Editorials

Alfie’s Death

The death of baby Alfie Evans last Saturday in England is a tragedy for the world. It is, above all else, a tragedy for his family. We, as a caring Christian community, should not cease to pray for this young man and his parents.

Just as we have prayed for recovery and peace for little Alfie, who suffered so much in his very short life, so too must we pray for his parents and indeed for all involved in the care of sick children.

There are so many issues at play in the events of Alfie’s life. From the question of the rights of parents over the rights of the state (which, in many ways, was sadly the central debate) to questions of palliative care and end-of-life issues to matters of international citizenship to deeper, more existential questions like the suffering of innocents, we cannot forget that this fierce little drama involved more than just concepts, as important as they are, but people, especially a very young mother and father, and a suffering toddler.

We can debate, and we should, after knowing fully the Church’s teachings on end-of-life issues. We can see in this issue the growing secularization of Europe in general and the United Kingdom in particular. We can read the reports of the prayer vigils and the protests in Rome, in Poland and in Liverpool.

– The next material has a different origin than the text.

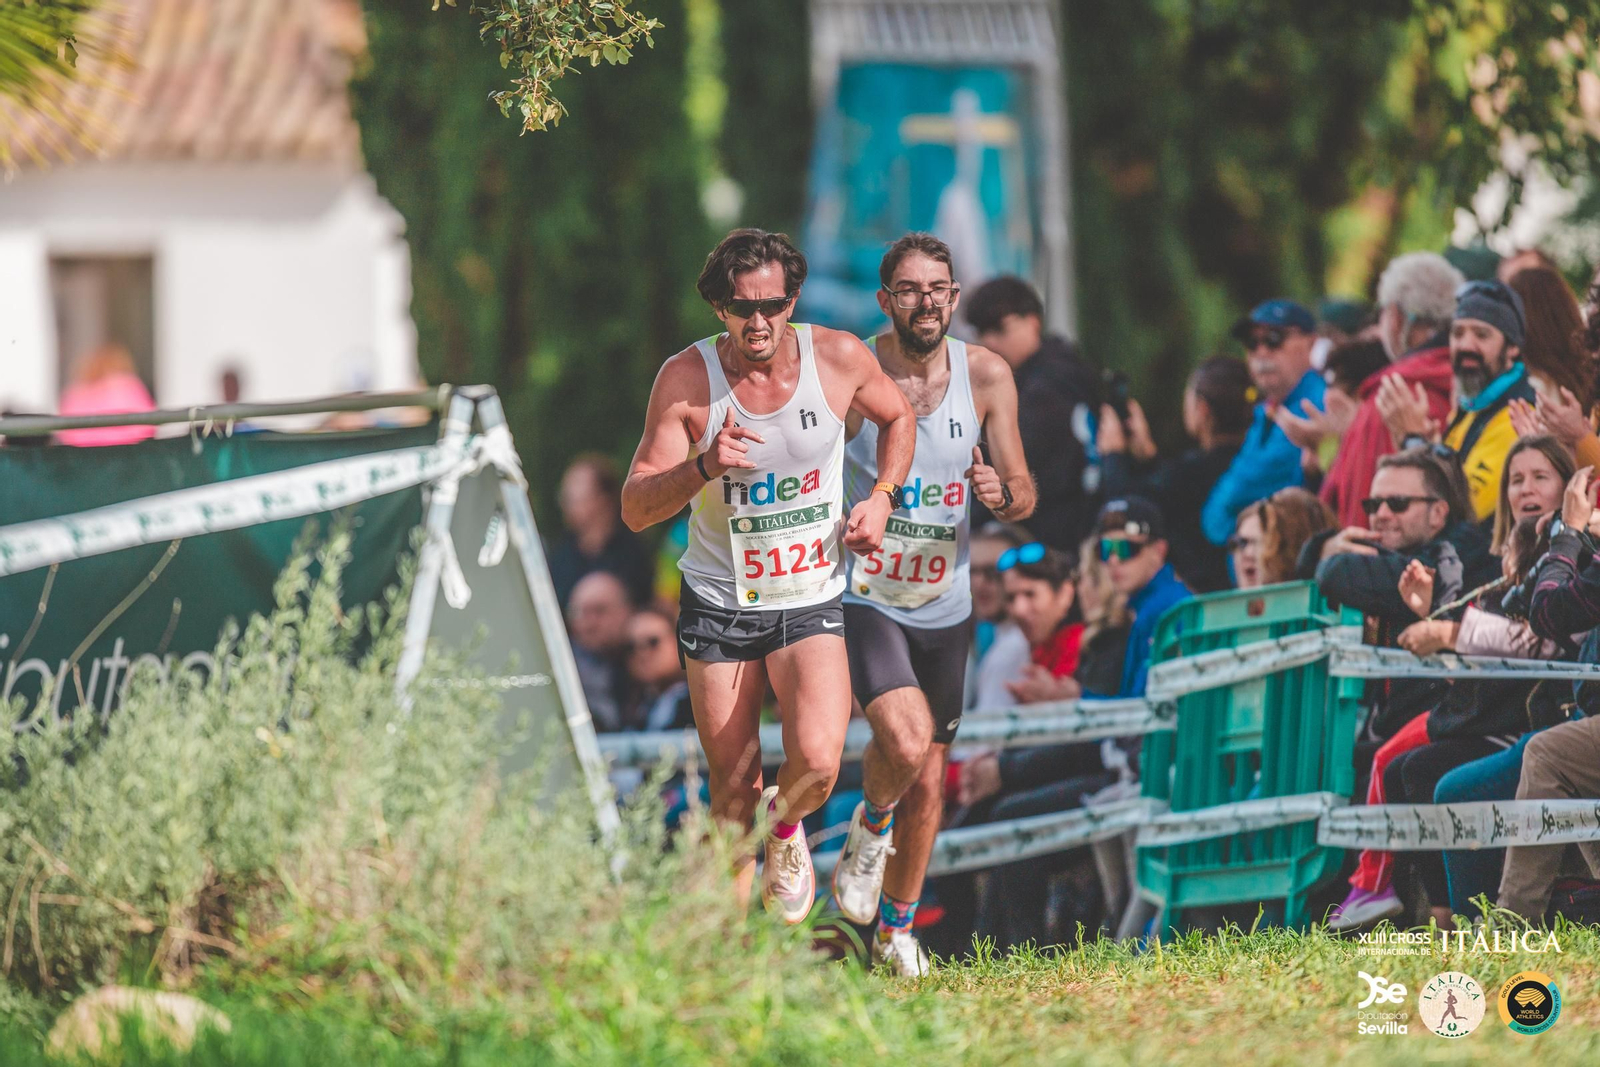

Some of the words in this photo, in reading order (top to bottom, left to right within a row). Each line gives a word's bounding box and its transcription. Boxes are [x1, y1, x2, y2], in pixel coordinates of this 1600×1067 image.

We can question the wisdom of a national health plan and a single-payer system that takes so much authority away from the parents of a child.

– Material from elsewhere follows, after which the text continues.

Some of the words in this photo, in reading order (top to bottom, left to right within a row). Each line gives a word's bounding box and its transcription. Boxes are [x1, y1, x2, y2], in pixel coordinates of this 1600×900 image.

But no one should question the motives of the doctors and health care workers who, from all reports, did everything they could to help little Alfie.

Pope Francis, who had met with the baby’s father, personally appealed for prayers for the child and said he would support treatment of the child at the Bambino Gesu Children’s Hospital in Rome.

The Bishops’ Conference of England and Wales has defended of the actions of the hospital, saying that everything “humanly possible” was done to help Alfie. Even doctors from Bambino Gesu said a positive outcome probably was not likely.

Above all else, we need to stop and mourn the death of a little boy who suffered so very much in his life and pray for the consolation of a young couple who wanted to do everything and anything to preserve the life of their little boy.

One thought on “Alfie’s Death

  1. The pen of Charles Dickens could not have written the tale with any more dramatic irony. The great British author is said to have been paid by the word, but this tale can be told mercifully in but four meager chapters and an epilogue, though the good reader may possibly care to add a chapter of his or her own afterward.

    In Chapter One, a boy-child is new-born to privilege and position and wealth, celebrated by those romantics across the planet awestruck by fairytale princes and princesses, fawned over by those so poor in spirit that they live to grovel before their betters, gushed over by those so enchanted by this perfect Wee Louie and his doting mum and dad. How wonderful! How marvelous! How simply lovely that the British royals present another heir to their awesome throne! Even citizens of our American Republic, they who should call to mind those revered Revolutionary heroes who had waged bitter and bloody war until we as a nation could jettison precisely this monarchy at Yorktown, are enthralled by the royal tyke.

    But alas, in Chapter Two, we meet Little Alfie Evans who lives just down a London road. Little Alfie is a lesser child, imperfect, entitled to neither privilege nor position nor wealth, not even, as some would have it, entitled to life itself. Little Alfie’s imperfection is a nuisance that needs to be eliminated by a health system all-powerful. His life is clearly of value to none of the throngs or the media enchanted by the perfect boy-child Wee Louie.

    Chapter Three finds Little Alfie’s perfidious partisans pleading on his behalf but dismissed or simply ignored by those blessed with greater wisdom, not to mention authority. Parliament, the voice and conscience of the British electorate, has legislated. The learned legal minds of the high courts, bedecked in their somber robes and powdered wigs, simply uphold the laws of the realm. Both override the desperate love of the child’s parents. They’re only a poor benighted mum and dad who don’t understand the inconvenience of their love, its worthlessness to the common good. The law is the law, and that law guarantees the supremacy of the realm over the rights of a parent, at least if that parent is not a William or a Kate. And if there be any doubt about the legal niceties, there is adequate case law, as the parents of Little Charlie Gard can attest.

    Mercifully, in the last chapter, Little Alfie has the good grace to die, a mere five days following the heralded birth of Wee Louie. Finally good riddance. Hopefully, for those who dote upon princes and princesses, the tale of the fulfilled demise of Little Alfie has been naught but a mere distraction, a temporary downer, not to dull the shine of Wee Louie’s crown.

    As an epilogue, we may note that somewhere in this Dickensian narrative is a heroic Scrooge, upholding the current truth in Britain that the deaths of the disabled are for the best, helping to “decrease the surplus population” as a wise Ebenezer would put it. We need royals and more royals because the lives of the celebrated elite are worth so much more than those of idle commoners. And given the state of British culture today, the plug must be pulled on any more Tiny Tim Cratchits, their lives worthless and a burden upon society, i. e. the British health care system and the British conscience. And surely let us not give Tiny Tim the opportunity to speak an anathema, “God bless us, every one.”